| RECORD EXTRACTS |
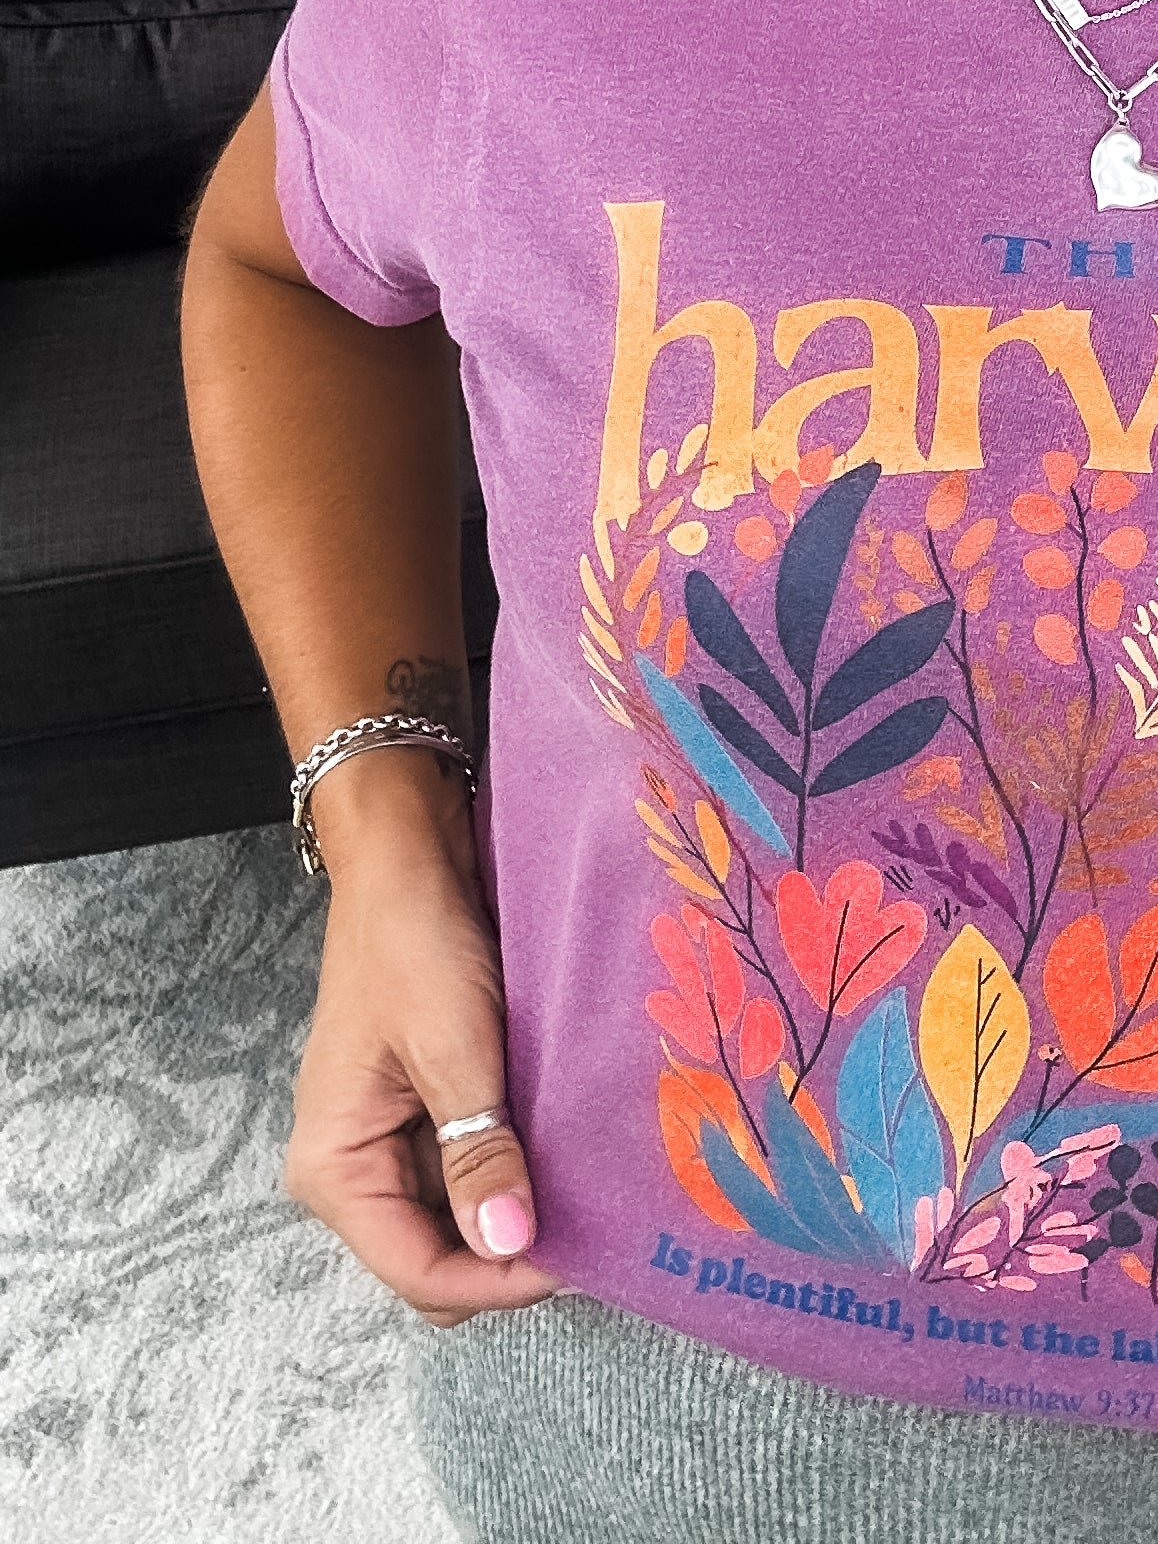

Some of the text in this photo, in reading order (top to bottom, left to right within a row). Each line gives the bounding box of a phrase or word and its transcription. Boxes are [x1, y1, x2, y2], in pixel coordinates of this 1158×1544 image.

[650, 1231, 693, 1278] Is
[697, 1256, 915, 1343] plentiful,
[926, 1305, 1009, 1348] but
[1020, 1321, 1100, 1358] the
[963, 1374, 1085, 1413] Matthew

==

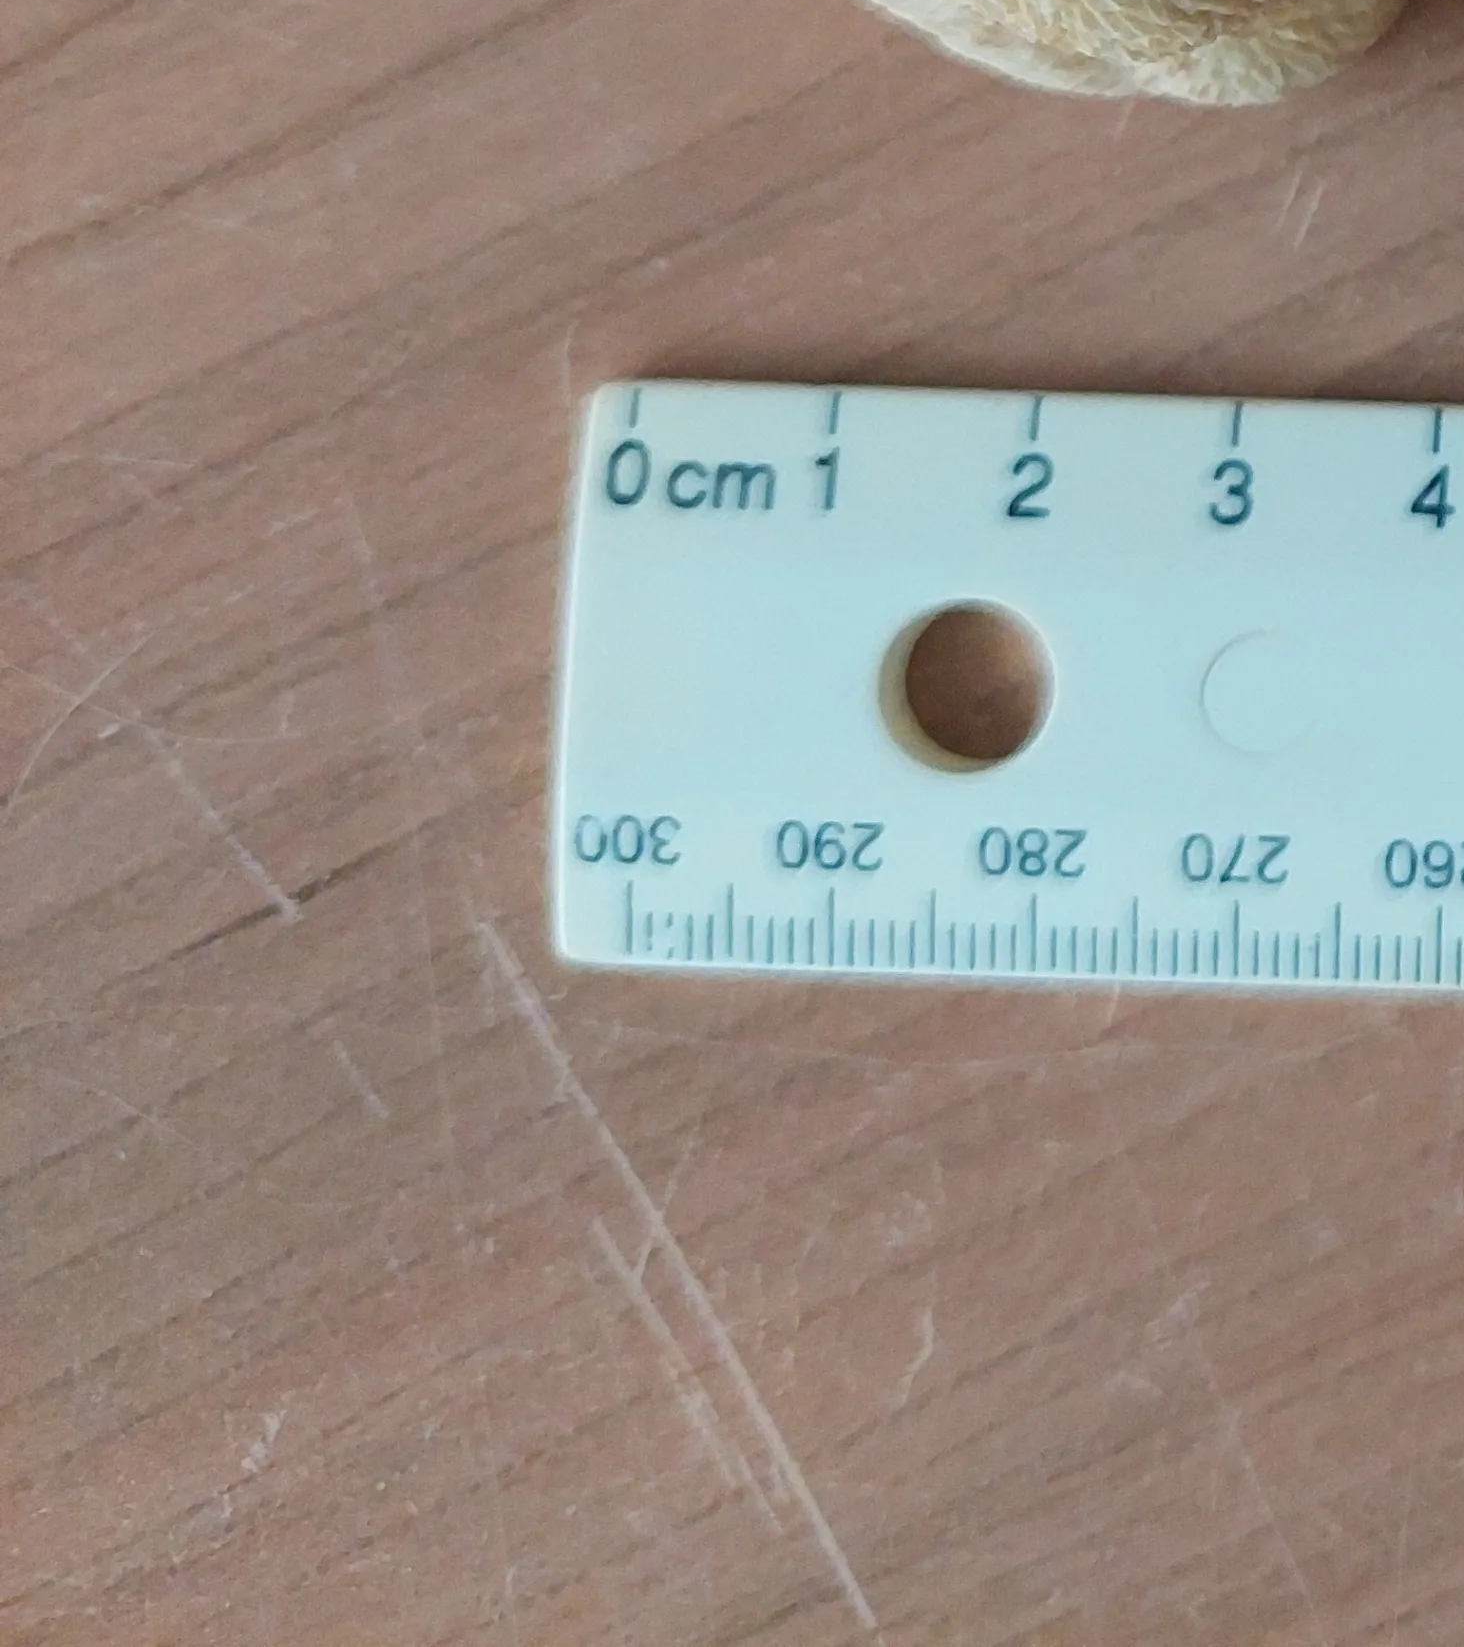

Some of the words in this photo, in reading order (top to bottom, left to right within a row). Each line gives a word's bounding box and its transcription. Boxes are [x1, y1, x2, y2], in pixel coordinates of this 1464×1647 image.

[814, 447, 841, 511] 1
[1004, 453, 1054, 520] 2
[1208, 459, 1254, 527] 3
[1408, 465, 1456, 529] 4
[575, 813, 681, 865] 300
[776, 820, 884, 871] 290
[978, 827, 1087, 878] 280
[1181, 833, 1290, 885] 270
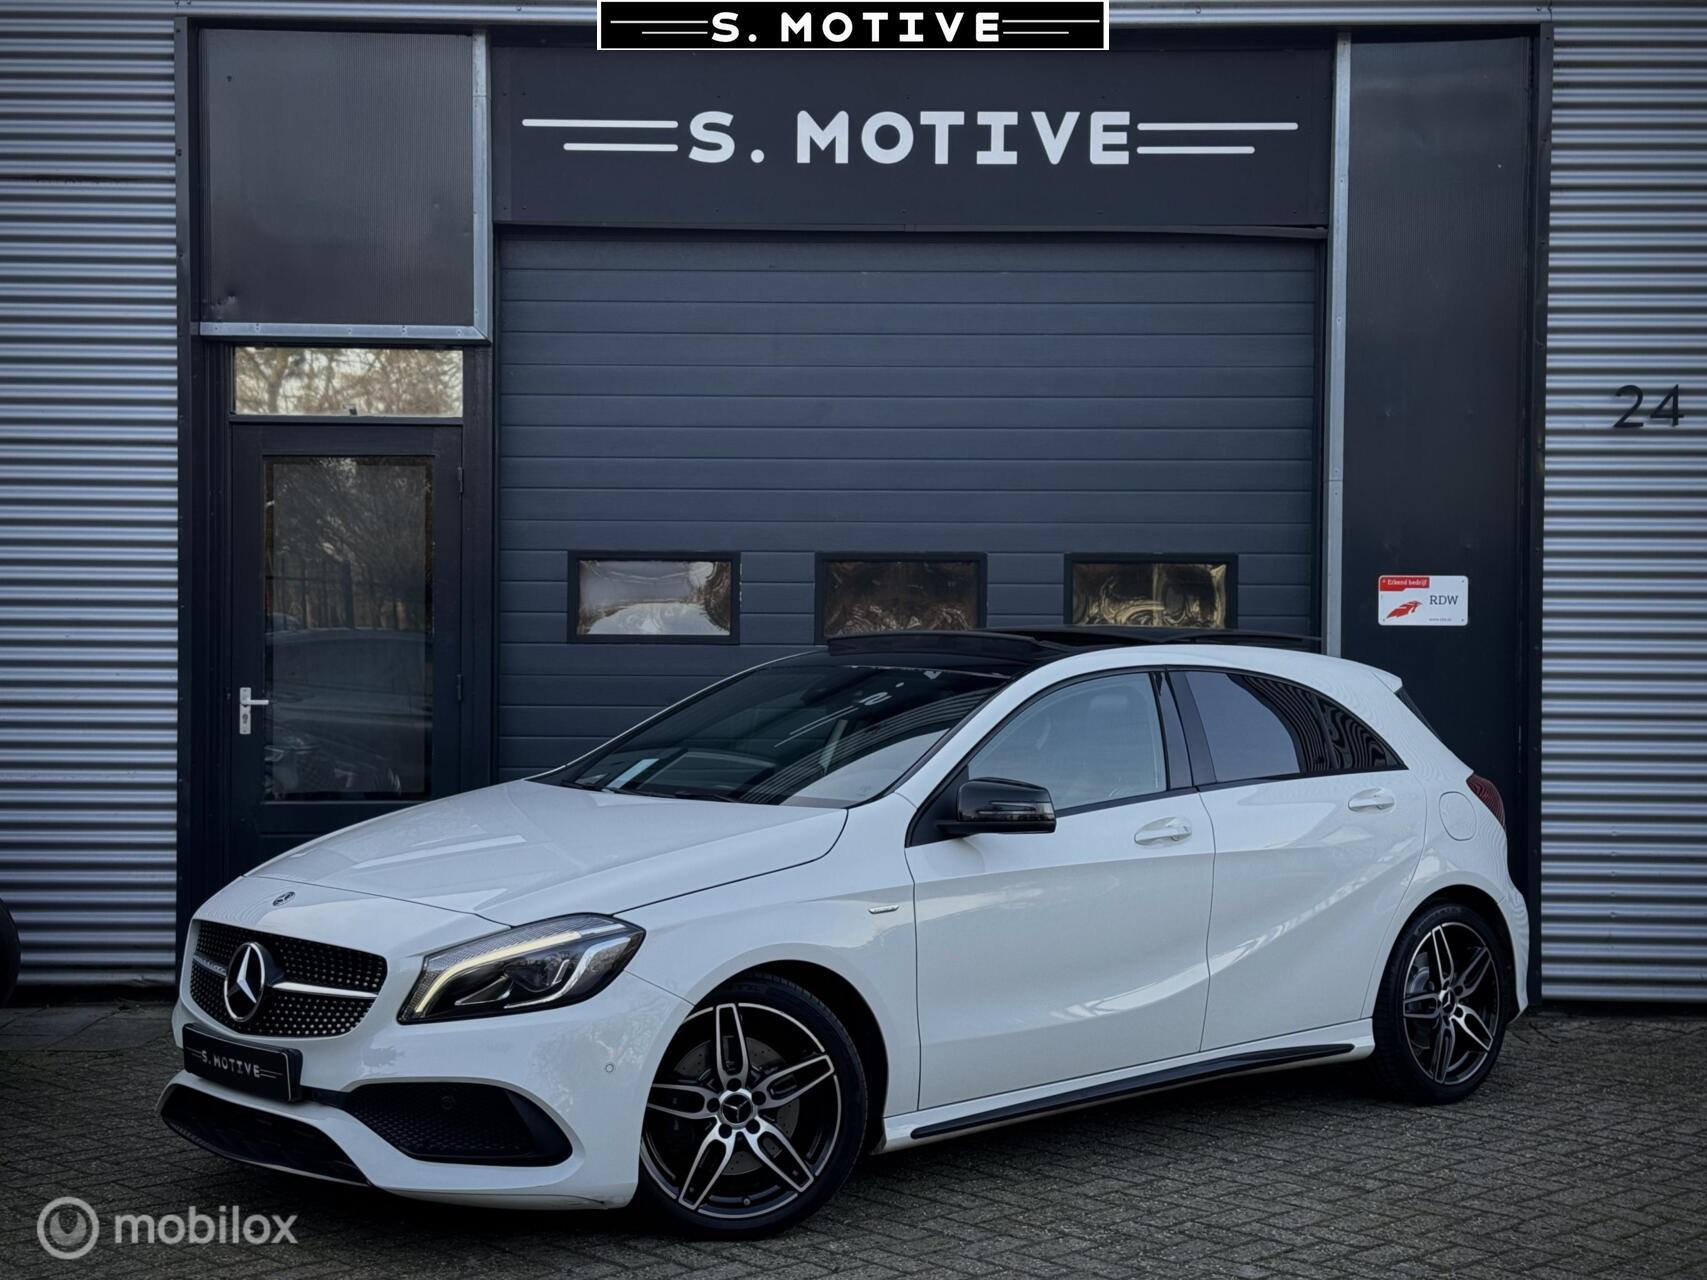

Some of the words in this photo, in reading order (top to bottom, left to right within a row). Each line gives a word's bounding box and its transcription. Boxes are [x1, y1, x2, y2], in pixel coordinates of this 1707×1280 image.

| EXERCISE INSTRUCTIONS |
Using the data above, set down each line from the line with "this 1464×1647 image." to the line with "this 1707×1280 image." exactly, both ends included, and leave the pictures behind. Nothing else belongs.

| WRITTEN SOLUTION |
Some of the words in this photo, in reading order (top to bottom, left to right within a row). Each line gives a word's bounding box and its transcription. Boxes are [x1, y1, x2, y2], in pixel coordinates of this 1464×1647 image.

[814, 447, 841, 511] 1
[1004, 453, 1054, 520] 2
[1208, 459, 1254, 527] 3
[1408, 465, 1456, 529] 4
[575, 813, 681, 865] 300
[776, 820, 884, 871] 290
[978, 827, 1087, 878] 280
[1181, 833, 1290, 885] 270

Some of the words in this photo, in reading order (top to bottom, left to right within a row). Each line gives a word's bounding box and its transcription. Boxes are [x1, y1, x2, y2], in pixel coordinates of this 1707×1280 image.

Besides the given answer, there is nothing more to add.